The NVIDIA GeForce GTX 1060 is pretty open when it comes to overclocking. You can increase the power target to 116% and if you leave the GPU Temp Target locked it will automatically increase to 92C. We pushed the GPU Clock offset to +90MHz and the Mem Clock Offset to +500MHz on our card and found it was stable in the game titles that we tested. If we went up to +100 on the GPU Clock Offset we’d get driver crashes in 3D applications.

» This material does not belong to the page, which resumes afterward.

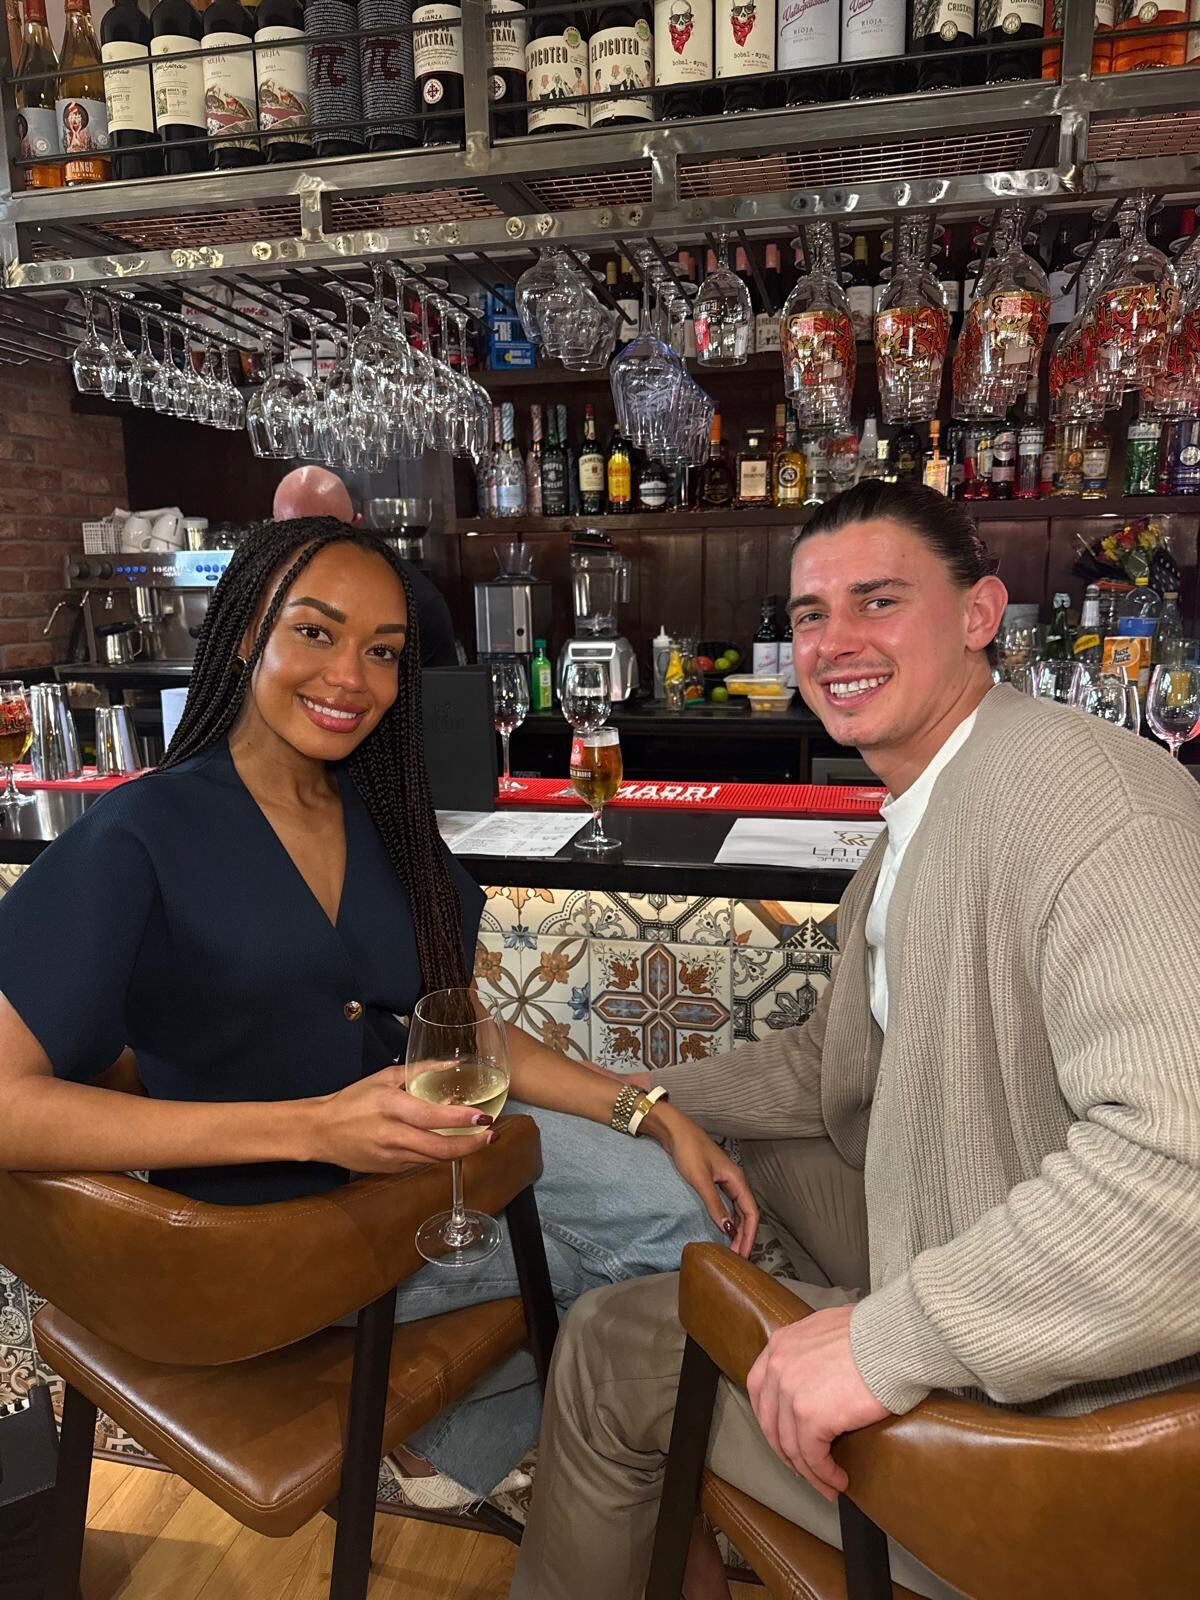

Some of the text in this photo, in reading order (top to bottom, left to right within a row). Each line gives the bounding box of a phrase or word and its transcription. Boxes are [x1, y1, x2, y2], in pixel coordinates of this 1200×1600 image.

[793, 27, 815, 35] RIOJA
[599, 38, 639, 58] PICOTEO
[531, 46, 568, 69] PICOTEO
[1018, 435, 1044, 444] CAMPA

This overclock meant that we were running at up to 2075.0 MHz at times thanks to NVIDIA Boost 3.0 on the core and 2249.1 MHz (8996.4 MHz effective) on the 6GB of GDDR5 memory.

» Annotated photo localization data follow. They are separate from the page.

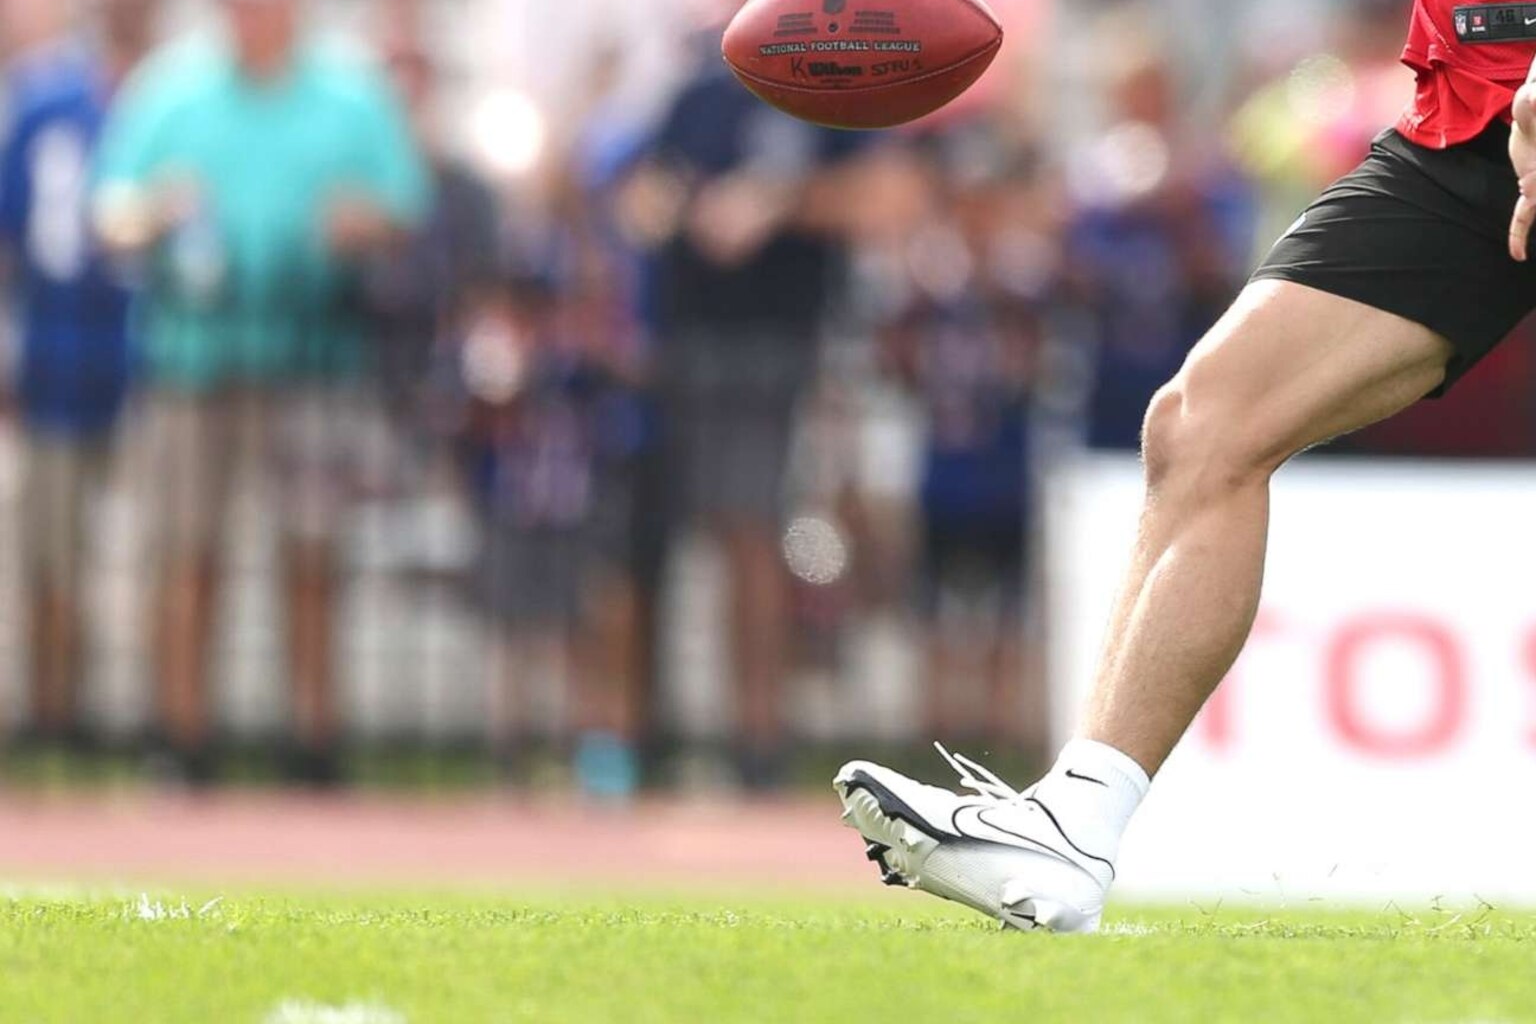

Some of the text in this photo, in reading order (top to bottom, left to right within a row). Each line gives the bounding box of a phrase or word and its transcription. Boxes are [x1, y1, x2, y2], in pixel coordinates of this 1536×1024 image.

[759, 40, 921, 56] NATIONAL FOOTBALL LEAGUE
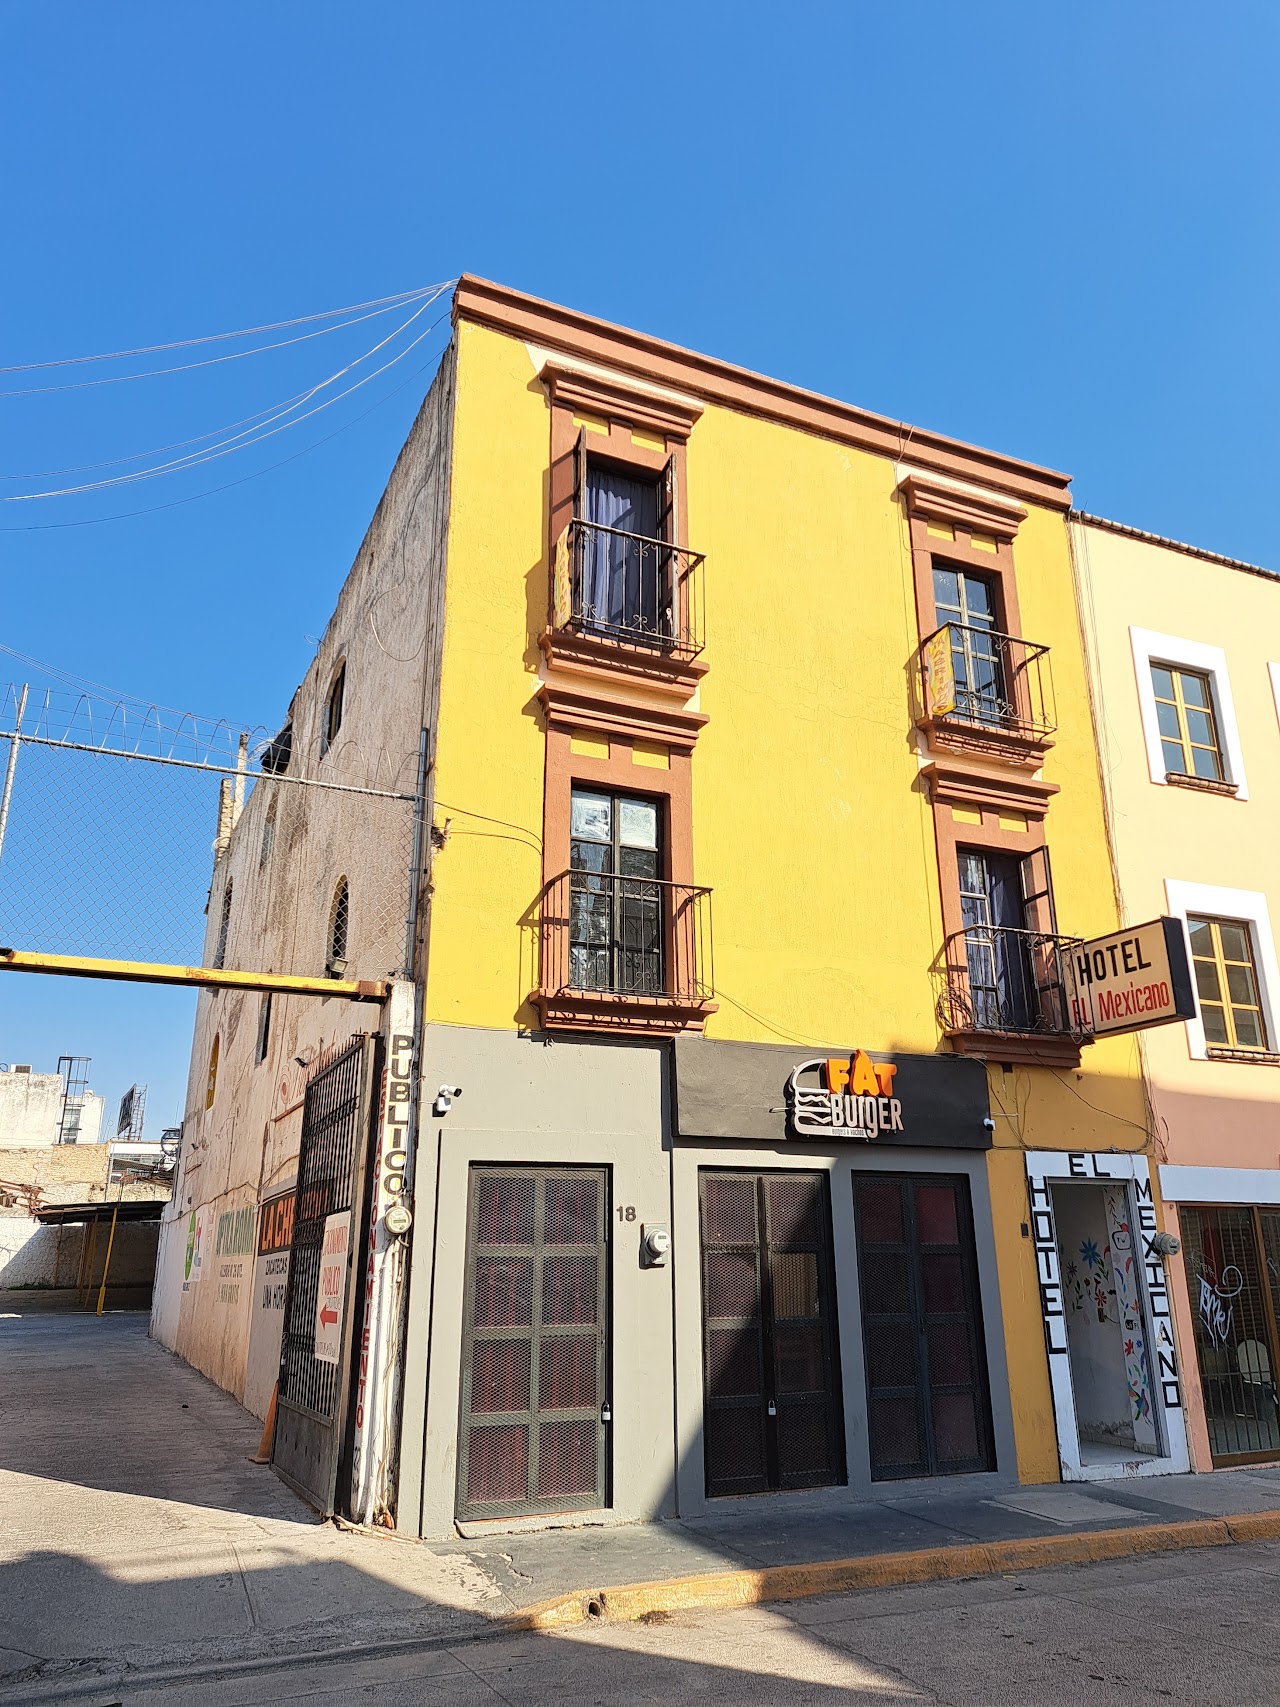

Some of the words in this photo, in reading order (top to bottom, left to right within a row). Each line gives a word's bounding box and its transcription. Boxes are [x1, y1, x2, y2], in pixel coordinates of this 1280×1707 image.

[1077, 937, 1152, 986] HOTEL
[1097, 981, 1170, 1022] Mexicano
[827, 1048, 896, 1095] FAT
[384, 1034, 415, 1196] PUBLICO
[1067, 1153, 1111, 1178] EL
[261, 1204, 274, 1250] LA
[616, 1206, 637, 1222] 18
[355, 1068, 388, 1429] ESTACIONAMIENTO
[1116, 1236, 1128, 1244] TV
[1029, 1176, 1067, 1355] HOTEL
[1134, 1178, 1182, 1409] MEXICANO

NVIDIA GeForce GTX 1060 Stock:
NVIDIA GeForce GTX 1060 Overclocked (+90/+500):
By overclocking the EVGA GeForce GTX 1060 6GB SC graphics card we were able to take the score of 5,598 on 3DMark Fire Strike Extreme and raise it up to 6,383. This is a 425 point increase in our overall 3DMark score, which represents a performance gain of 7.5 percent. The overal FPS average in Graphics Test 1 went from 32.07 to 34.45, which is a 7.4% performance gain in this particular graphics test.

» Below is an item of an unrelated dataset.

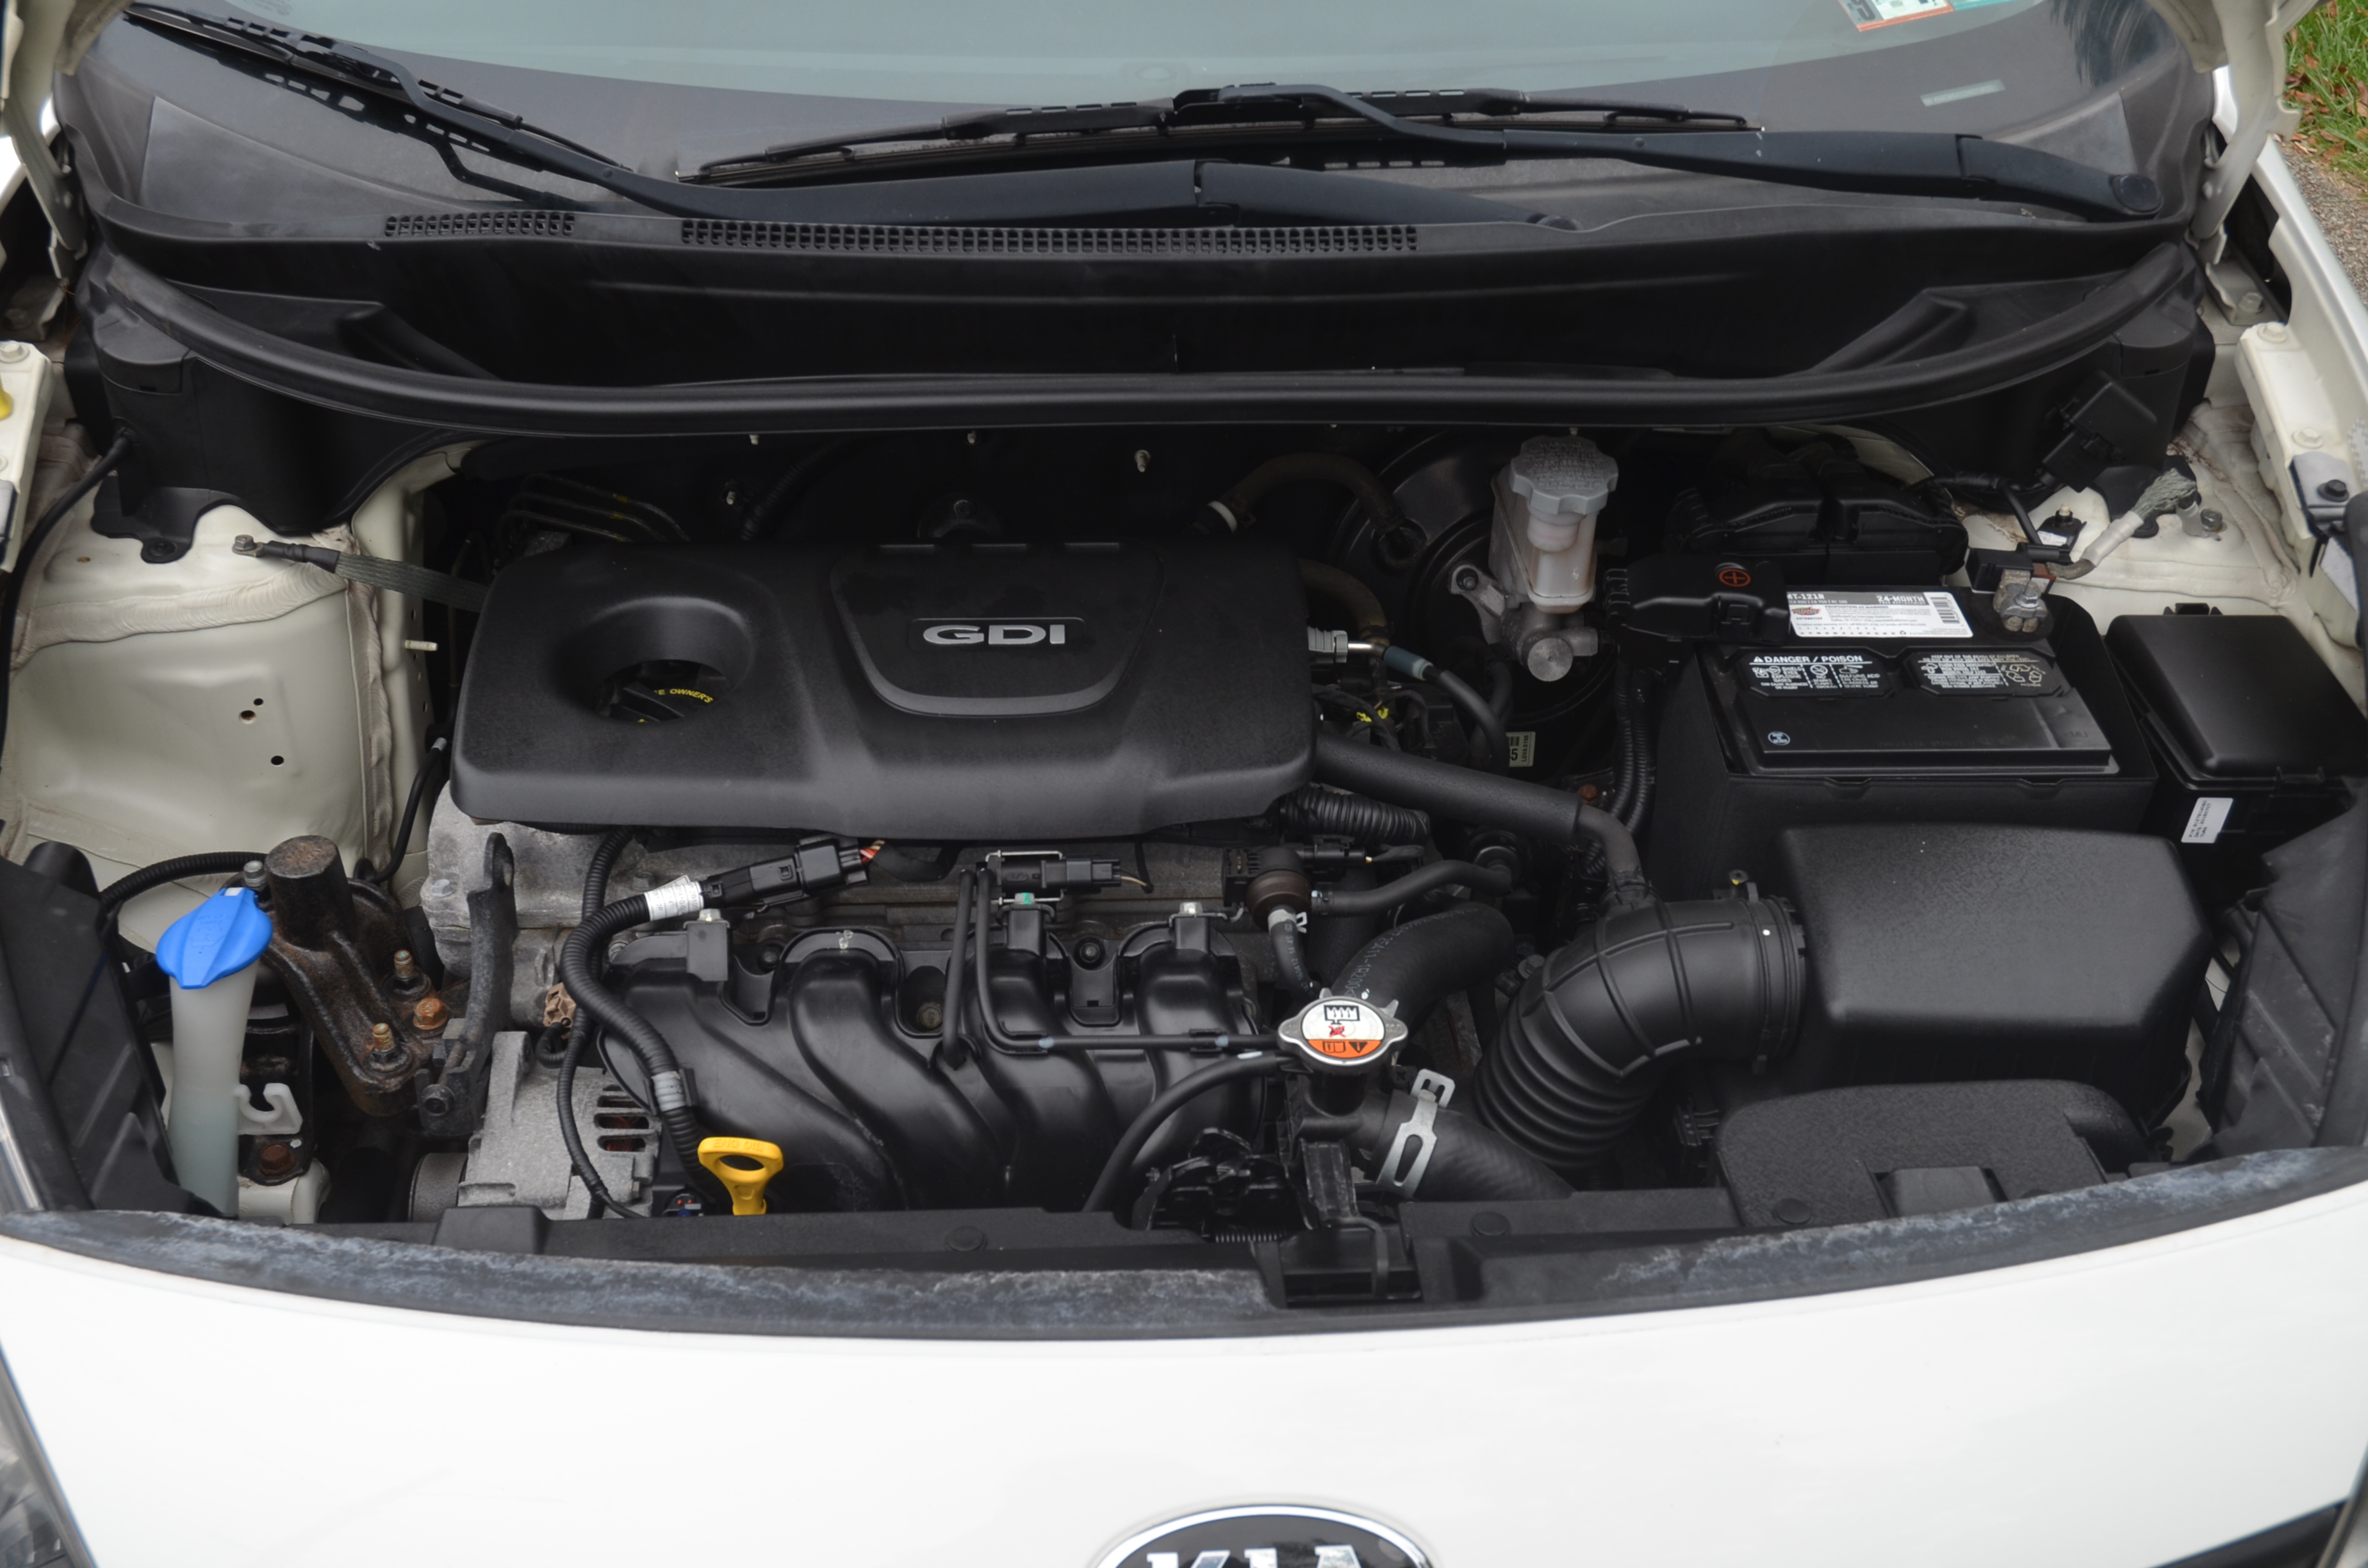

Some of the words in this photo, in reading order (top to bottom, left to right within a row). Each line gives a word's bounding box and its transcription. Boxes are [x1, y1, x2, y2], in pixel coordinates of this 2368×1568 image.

[923, 624, 1067, 645] GDI
[669, 688, 714, 703] OWNER'S
[743, 1140, 763, 1152] OIL

We benchmarked the GeForce GTX 1060 overclocked to +90MHz core and +500MHz memory in a number of game titles and found that it was rock solid with nice performance gains.
For example in BF4 at 2560 x 1440 we averaged 68.9 FPS on NVIDIA’s Founders Edition card and 70.5 FPS on the EVGA GeForce GTX 1060 with a factory overclock. When we manually overclocked the EVGA GeForce GTX 1060 we were able to get the average FPS up to 75.3 FPS, which is faster than the mighty AMD Radeon R9 Fury X with HBM1 memory! Very impressive scores as we are getting 20FPS or 37% more performance than a stock AMD Radeon R9 480 reference card.
Let’s wrap this review up!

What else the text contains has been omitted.